As this lab is optional and is not marked, you may use any materials that you wish to help you. Here are a few that might help:

Rseek: For searching for documentation about "R". Useful if your search engine does not recognize "R" as a token.

Amusing: R Inferno. Abstract: "If you are using R and you think you're in hell, this is a map for you." Circle 8 about common mistakes is useful.

Also, here are a few useful functions to get you oriented:

- The function
`ls()`will tell you the list of variables that you have currently defined, called the "workspace" (NOT the filesystem). - You can manipulate the current working directory of R using the
`setwd`and`getwd`functions. - To get help on a particular function, such as
`read.csv`, you can do`help(read.csv)`or`?read.csv` - To search help, do
`help.search("gaussian")` `help.start()`will open a window in the web browser showing the online help for R.- You can enter in R commands interactively, but often it's easier to enter them in a separate editor window. Then you can use Ctrl+R to run blocks of code directly from the editor.

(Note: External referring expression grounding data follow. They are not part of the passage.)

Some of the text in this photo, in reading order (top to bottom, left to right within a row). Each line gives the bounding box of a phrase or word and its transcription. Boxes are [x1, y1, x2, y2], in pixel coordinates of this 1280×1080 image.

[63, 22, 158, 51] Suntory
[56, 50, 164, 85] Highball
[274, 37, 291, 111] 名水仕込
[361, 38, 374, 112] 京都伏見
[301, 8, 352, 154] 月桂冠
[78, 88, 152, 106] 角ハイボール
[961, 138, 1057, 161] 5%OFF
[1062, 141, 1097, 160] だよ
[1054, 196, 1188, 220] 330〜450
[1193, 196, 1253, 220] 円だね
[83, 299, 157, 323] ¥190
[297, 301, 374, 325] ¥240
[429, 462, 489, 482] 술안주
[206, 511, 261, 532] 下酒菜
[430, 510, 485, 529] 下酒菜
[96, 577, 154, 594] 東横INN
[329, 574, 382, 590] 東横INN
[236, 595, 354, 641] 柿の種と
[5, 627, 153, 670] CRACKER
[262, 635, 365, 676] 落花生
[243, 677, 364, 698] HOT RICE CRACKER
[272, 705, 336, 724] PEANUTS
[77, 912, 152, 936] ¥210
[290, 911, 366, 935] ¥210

In this lab, we will plot some time series data. The data are polls taken about a recent political issue (the Scottish independence referendum that was held in 2014), obtained from the What Scotland Thinks web site. You can download the data from here.

Use the

`read.csv`function to read the data from a file. (If the data were separated by spaces or tabs instead of commas, you would use`read.table`instead.) Save the results in a variable called`data`. This will load the data into a data structure called a*data frame*. There are many things that you can do with this data frame:- You can view the first few rows using
`head(data)`. Notice that the data have column names; these were taken from the first line of the file. - You can access a particular row, e.g., row 63, using
`data[63,]`. You can access a particular column using either`data[,3]`or the more descriptive`data$No`. - You can find out how big the data set is by doing
`dim(data)`or get summary statistics by doing`summary(data)`.

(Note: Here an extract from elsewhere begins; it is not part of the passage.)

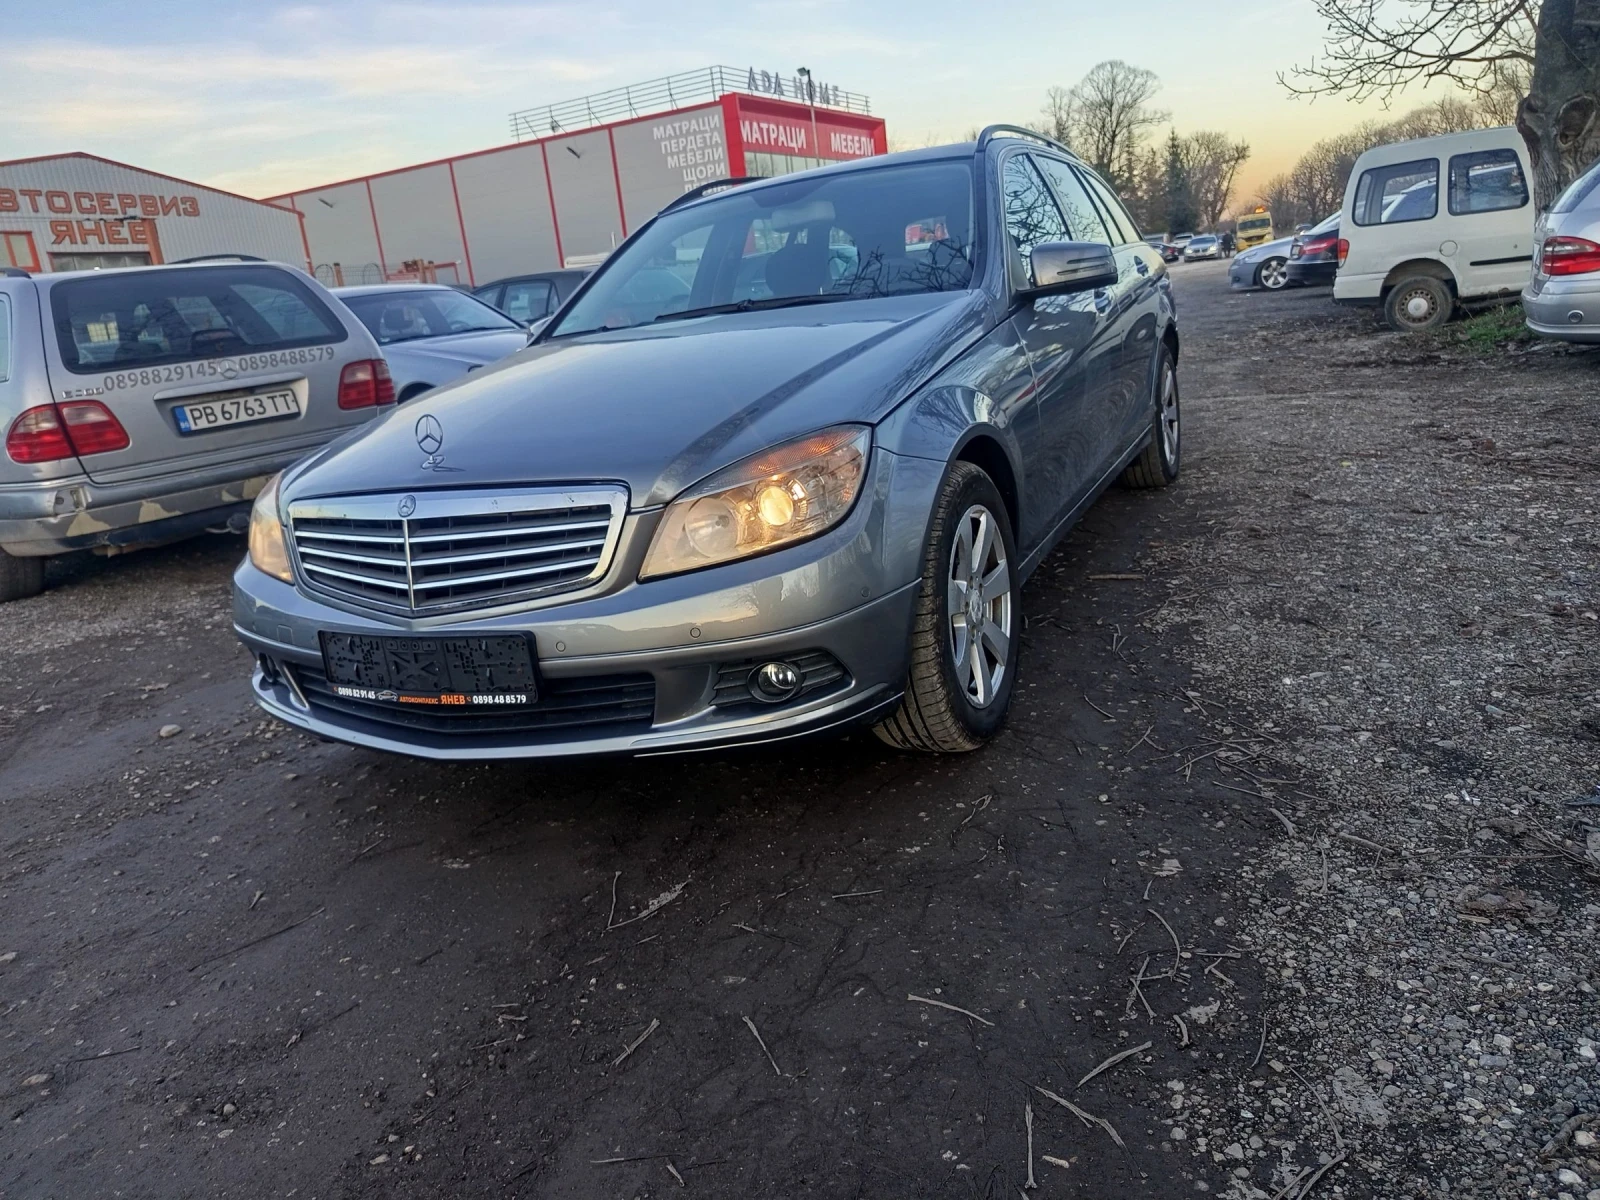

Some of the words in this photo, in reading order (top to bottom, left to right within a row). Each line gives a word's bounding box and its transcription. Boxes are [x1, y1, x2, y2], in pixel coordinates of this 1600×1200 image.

- You can view the first few rows using
You can get simple scatterplots by using the

`plot`function, for example, try the command`x = 1:10; y = 3*x + rnorm(10); plot(x,y)`.If you want to customize plots for publications, R provides a bewildering number of options. If you want to change the axis labels, margins, fonts, tick labels, etc., there are three places that you need to look: First, optional argument to the

`plot`function. To find out about these, check the documentation for methods of the`plot`function itself, especially`plot.default`. Second, the`par`command sets many global graphics parameters, so check its documentation. Finally, if you are writing a plot to a file, you call the`pdf`(or`postscript`, etc.) functions before you start plotting. Those functions have important optional arguments as well. There is a good table listing these in the Graphics chapter of R for Beginners.`plot`is a polymorphic function that does different clever things depending on the types of its arguments. For example, a factor object is a R structure for representing categorical variables. Many R functions, such as plotting and modelling functions, know how to do special things with factors, e.g., to split the data by each "level" of the factor before doing analysis or plotting. R has already created some factor objects in your data frame based on the fields that it thought were character strings. To see one, look at`data$Pollster`. If you ever get confused about what type any R object has, you can get a compact summary by doing`str(data$Pollster)`.But back to

`plot`. See what happens when you try to plot the factor`data$Pollster`.- Now let's try something more interesting. Try to plot the percentage of people who answered "yes" in the polls, using
`plot(data$Begin, data$Yes)`. - Yipes. I don't understand what happened either. But recall that
`plot`does different things depending on the types of their arguments. So what type of object is`data$Begin`? - We need to convert the
`Begin`column into`Date`objects. Do this using the`as.Date`function. The data are in the format "%d/%m/%Y". Then try the plot again. If we thought that the "yes" vote was increasing linearly with time, we could perform a linear regression of the yes vote onto the date of the poll. R represents dates internally as the number of days since January 1, 1970 (with that date counting as 0) [1], which gives us a numeric input to the regression. Strictly speaking, this model is nonsense (why?), but it is good practice and could be useful for interpolation. Fit a linear model using the

`lm`function and save the result of a function to a variable called`mdl`. The result will be an R object of class`lm`. This object has many fields you can inspect, such as`mdl$coefficients`and`mdl$fitted.values`. In fact, using the last two you can double-check that the lm function is doing what you expect, that is, that the reported fitted values actually match the reported linear function of the inputs.- Let's add the regression line to the current plot. The
`lines`and`points`functions will add things to existing plots. For example, suppose that your`Date`objects are in a vector called`dates`. Then you can add a few lines to the plot usinglines(c(dates[1], dates[25], dates[25]), c(35, 35, 40), col="RED")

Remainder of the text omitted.